**Source material:**
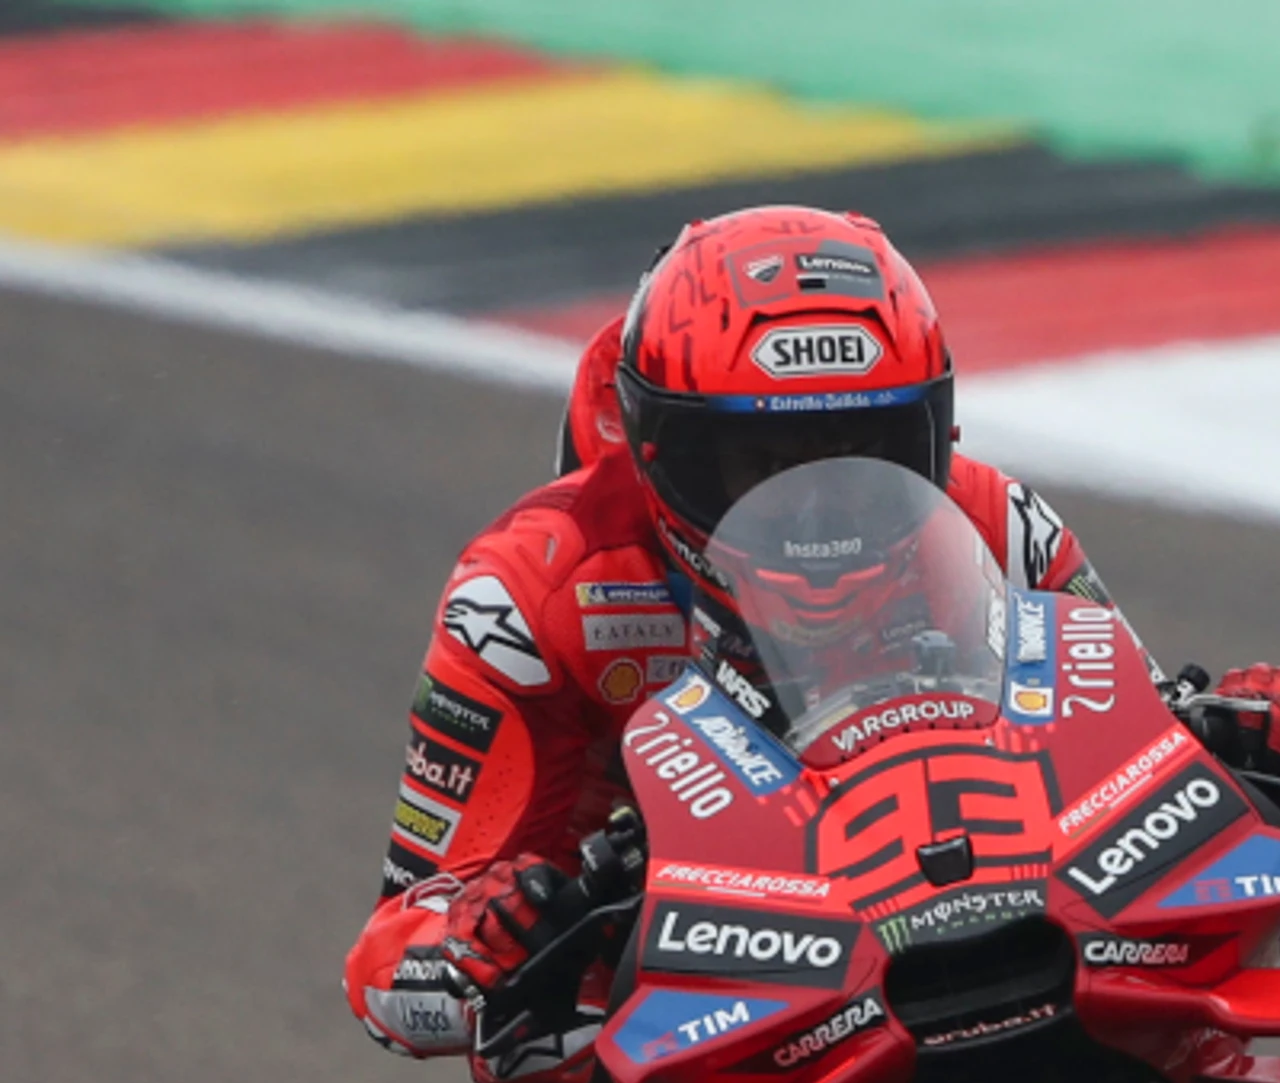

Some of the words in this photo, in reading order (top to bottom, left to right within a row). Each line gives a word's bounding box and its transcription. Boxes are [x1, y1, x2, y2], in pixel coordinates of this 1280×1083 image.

[799, 254, 872, 275] Lenovo
[772, 334, 866, 367] SHOEI
[784, 537, 862, 559] Insta360
[1058, 731, 1187, 834] FRECCIAROSSA
[812, 750, 1058, 900] 93
[1067, 778, 1220, 895] Lenovo
[655, 864, 832, 898] FRECCIAROSSA
[910, 889, 1045, 930] MONSTER
[657, 911, 843, 967] Lenovo
[677, 1001, 751, 1043] TIM
[773, 997, 884, 1067] CARRERA
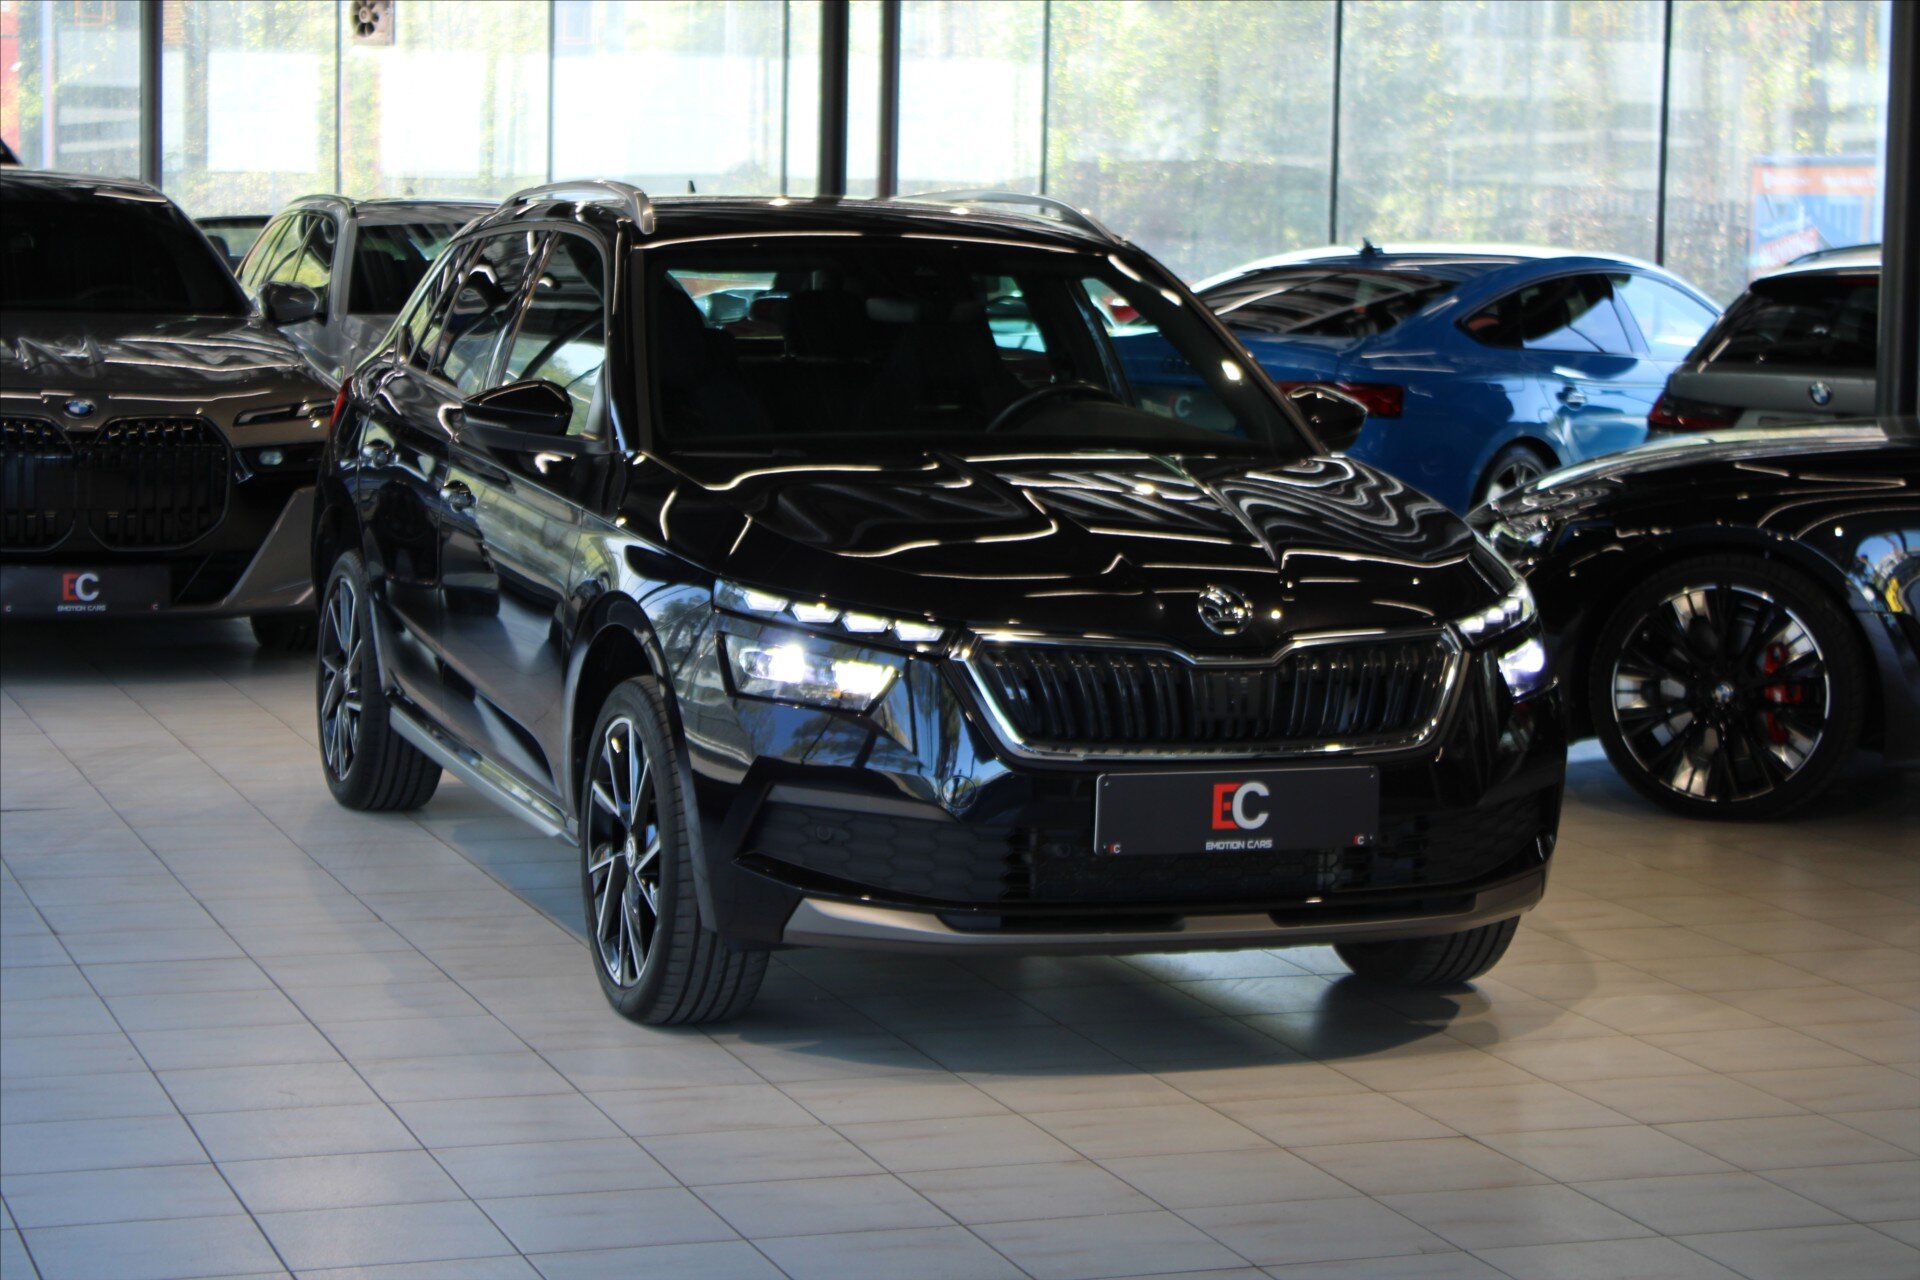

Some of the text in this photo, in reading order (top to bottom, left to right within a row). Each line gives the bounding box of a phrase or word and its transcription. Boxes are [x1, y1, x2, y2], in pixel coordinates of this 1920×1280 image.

[62, 572, 99, 601] EC
[1212, 782, 1269, 830] EC
[1205, 839, 1273, 851] EMOTION CARS
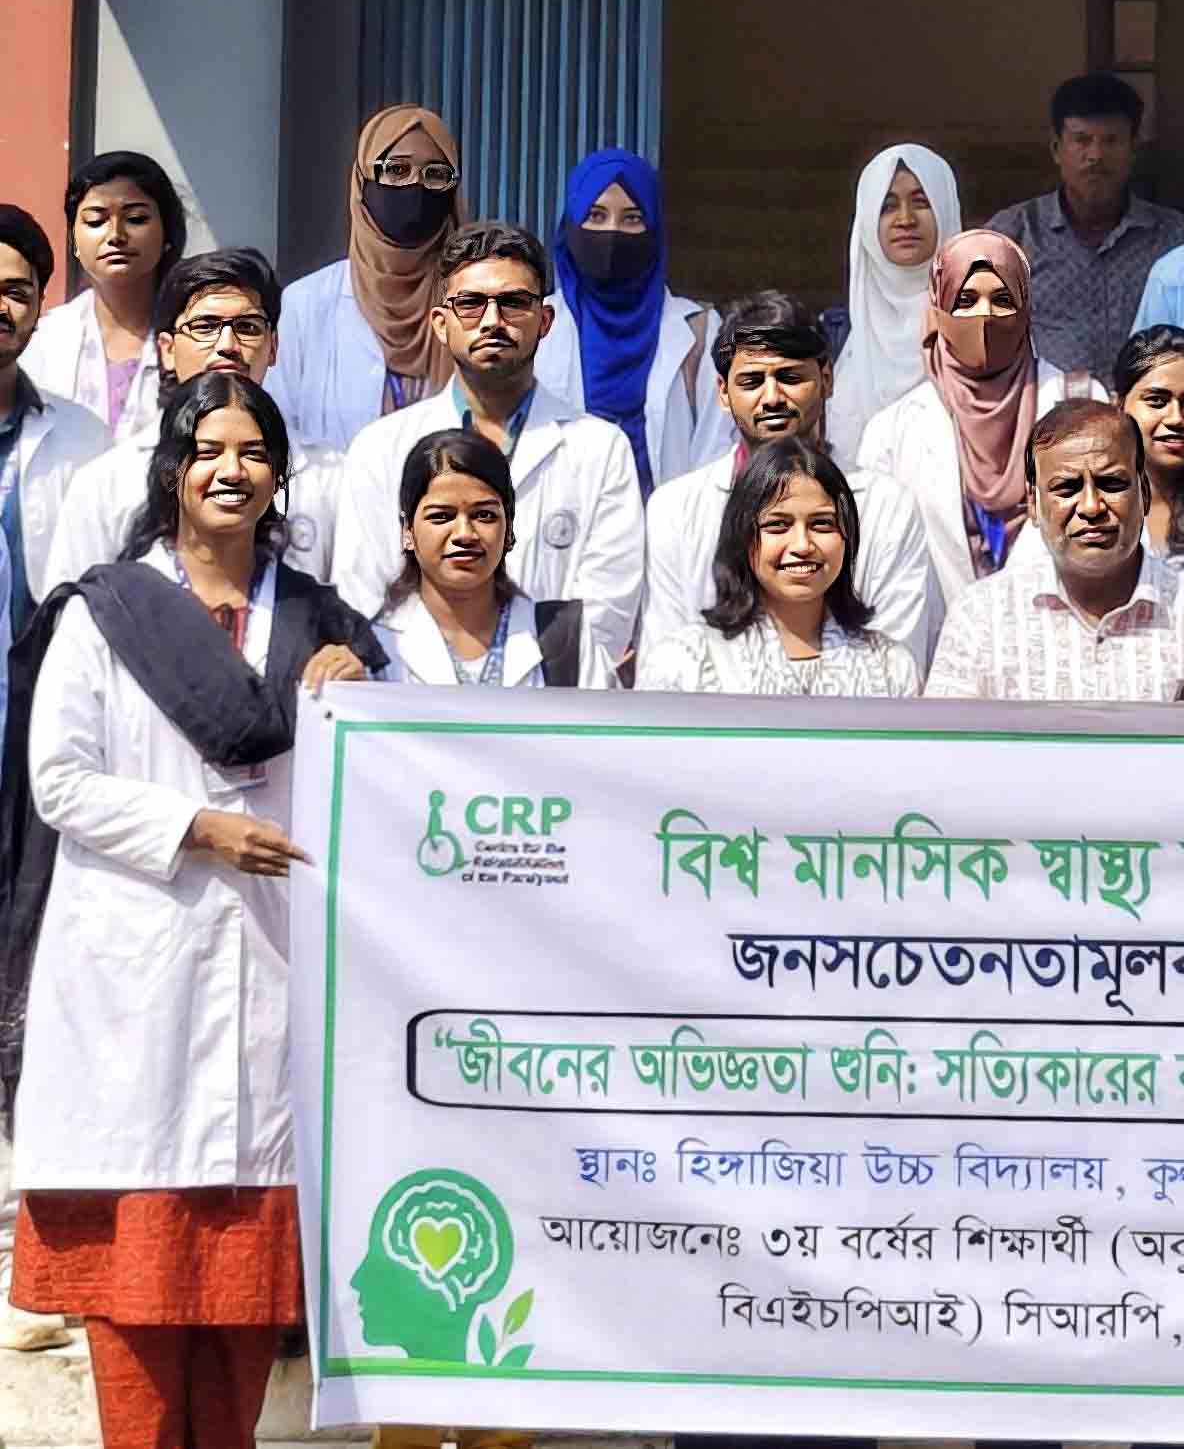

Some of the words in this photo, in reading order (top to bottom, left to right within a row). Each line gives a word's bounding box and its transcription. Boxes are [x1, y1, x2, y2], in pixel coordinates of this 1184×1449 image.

[465, 795, 573, 836] CRP
[655, 808, 768, 901] বিশ্ব
[784, 812, 1015, 903] মানসিক
[1028, 834, 1161, 921] স্বাস্থ্য
[629, 1024, 814, 1101] অভিজ্ঞতা
[933, 1029, 1161, 1106] সত্যিকারের
[674, 1137, 848, 1187] হিঙ্গাজিয়া
[862, 1140, 942, 1186] উচ্চ
[760, 1225, 824, 1258] ৩য়
[837, 1212, 941, 1261] বর্ষের

**Your instructions:**
Output nothing but the lines from the one containing "this 1184×1449 image." through the last line of the data, exactly as they stand.

**Answer box:**
Some of the words in this photo, in reading order (top to bottom, left to right within a row). Each line gives a word's bounding box and its transcription. Boxes are [x1, y1, x2, y2], in pixel coordinates of this 1184×1449 image.

[465, 795, 573, 836] CRP
[655, 808, 768, 901] বিশ্ব
[784, 812, 1015, 903] মানসিক
[1028, 834, 1161, 921] স্বাস্থ্য
[629, 1024, 814, 1101] অভিজ্ঞতা
[933, 1029, 1161, 1106] সত্যিকারের
[674, 1137, 848, 1187] হিঙ্গাজিয়া
[862, 1140, 942, 1186] উচ্চ
[760, 1225, 824, 1258] ৩য়
[837, 1212, 941, 1261] বর্ষের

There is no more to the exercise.